The researchers tested the system on samples from 141 patients segmented into those diagnosed with Alzheimer’s, those with mild cognitive impairment (MCI) because of probable Alzheimer’s, and controls. Results suggest that even in pre-dementia stages, an increased concentration of misfolded Aβ peptides can be detected in body fluids. The system proved able to detect the amide I band frequency of Aβ peptides, revealing an increase of biomarkers as spectral shift. Study participants with a clinical diagnosis of Alzheimer’s exhibited a lower average amide I band position as compared to the control group: whereas the control group had a median value of 1646 cm-1, a downshift to 1641 cm-1 median value indicated increased β-sheet (Alzheimer’s). Additionally, a preliminary proof-of-concept study indicated an amide I band shift below the marker band in patients with MCI. Amide I frequency-based discrimination correlated well with clinical diagnoses, though CSF provided a more accurate sample (90%) than the more accessible blood (84%). The team notes, however, that because the sensor was constructed to fit into standard research spectrometers, increased sensitivity may be possible in setups using, for instance, quantum-cascade lasers as a thermal source.

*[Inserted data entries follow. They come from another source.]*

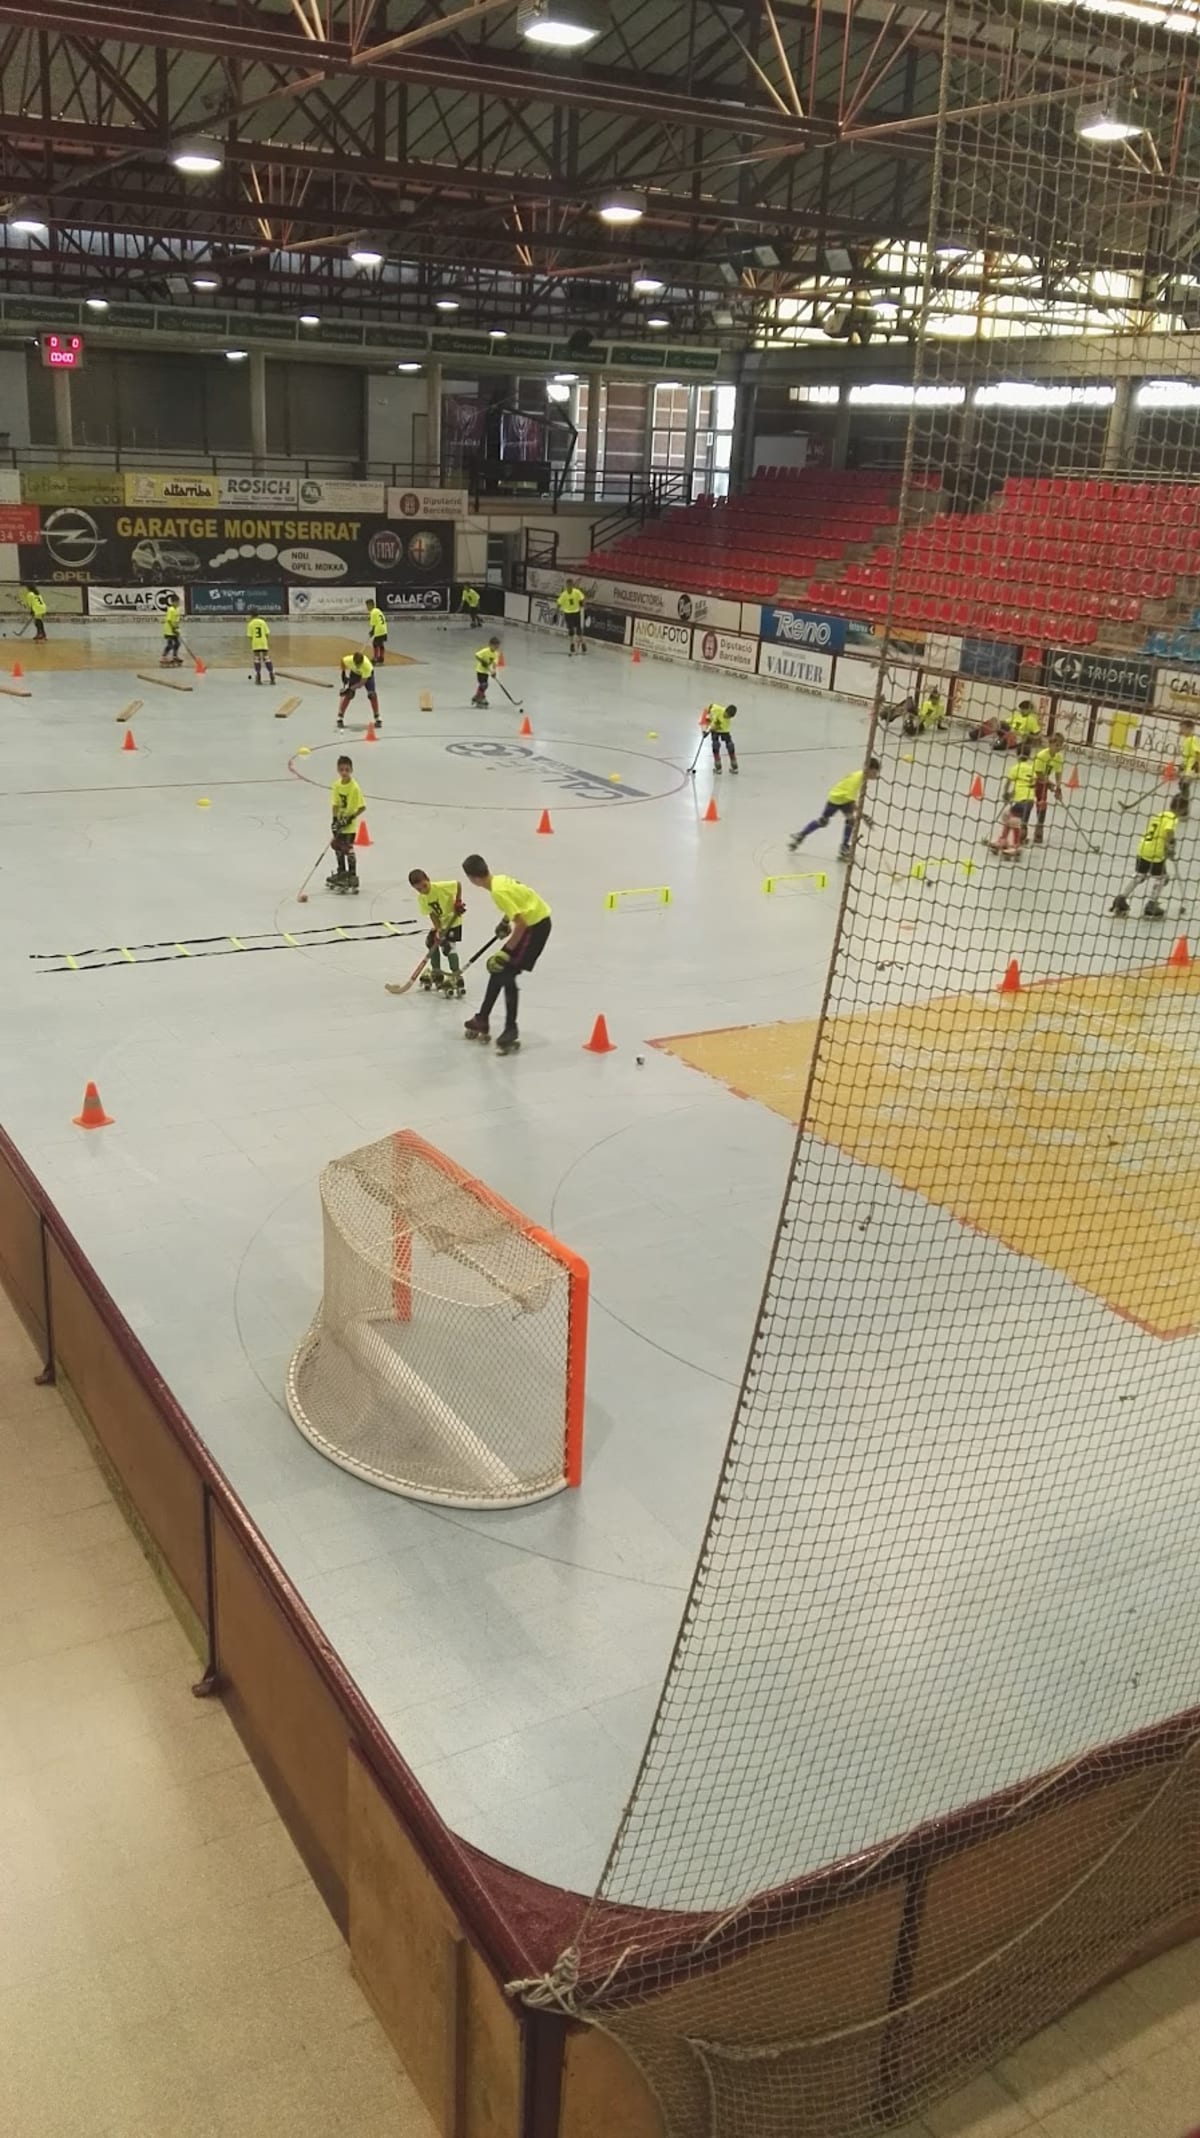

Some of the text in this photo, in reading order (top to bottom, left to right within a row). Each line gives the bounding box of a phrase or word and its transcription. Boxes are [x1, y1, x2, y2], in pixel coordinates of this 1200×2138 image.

[163, 483, 212, 497] altarriba
[228, 479, 290, 495] ROSICH
[116, 517, 361, 541] GARATGE MONTSERRAT
[291, 551, 309, 560] NOU
[375, 542, 396, 559] FIAT
[291, 562, 312, 571] OPEL
[52, 570, 93, 582] OPEL
[103, 593, 153, 606] CALAF
[386, 593, 422, 605] CALAF
[772, 610, 832, 646] Reno
[767, 655, 823, 683] VALLTER
[1088, 665, 1149, 689] TRIOPTIC
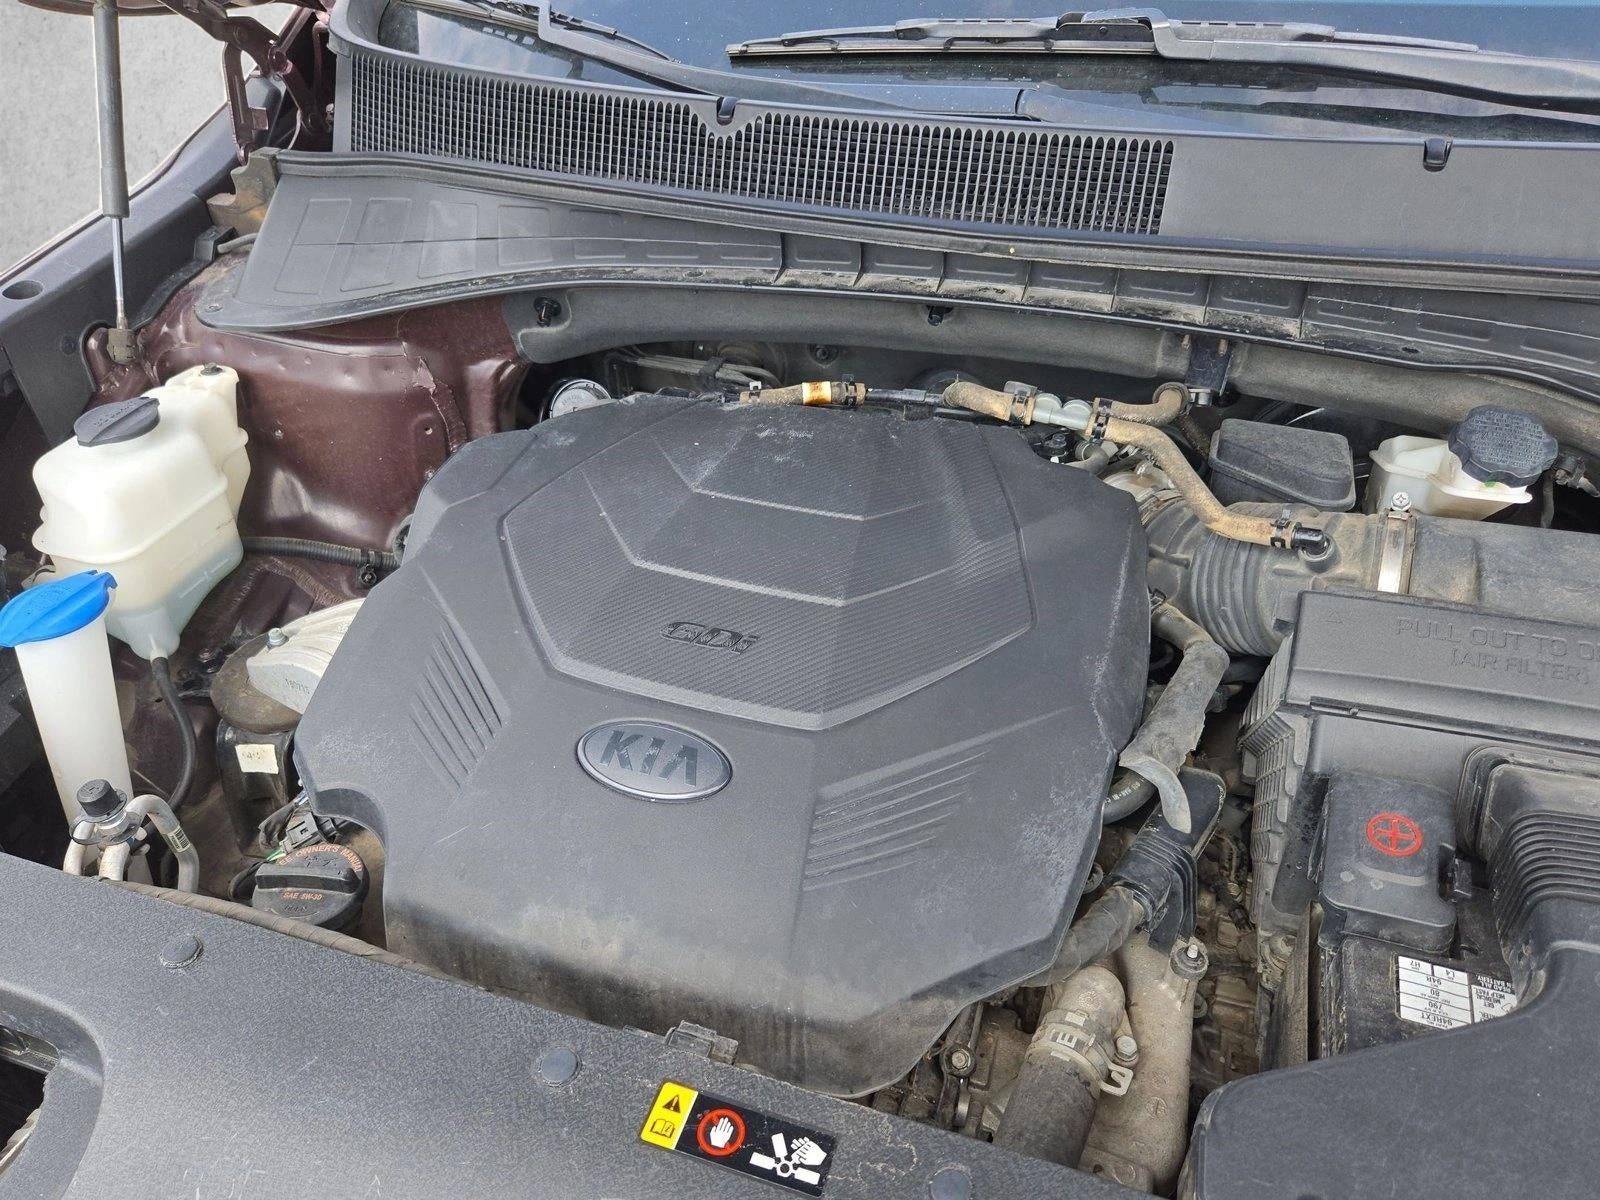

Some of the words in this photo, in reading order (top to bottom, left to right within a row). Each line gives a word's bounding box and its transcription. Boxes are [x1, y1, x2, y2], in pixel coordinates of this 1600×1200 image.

The researchers hope their work will someday enable Alzheimer’s diagnosis in preclinical stages. To show statistical significance, they are conducting sample analyses from 800 study participants.


1. A. Nabers et al., J. Biophoton., doi:10.1002/jbio.201400145 (2016).

2. A. Nabers et al., Anal. Chem., doi:10.1021/acs.analchem.5b04286 (2016).

3. J. Schartner et al., J. Am. Chem. Soc., doi:10.1021/ja400253p (2013).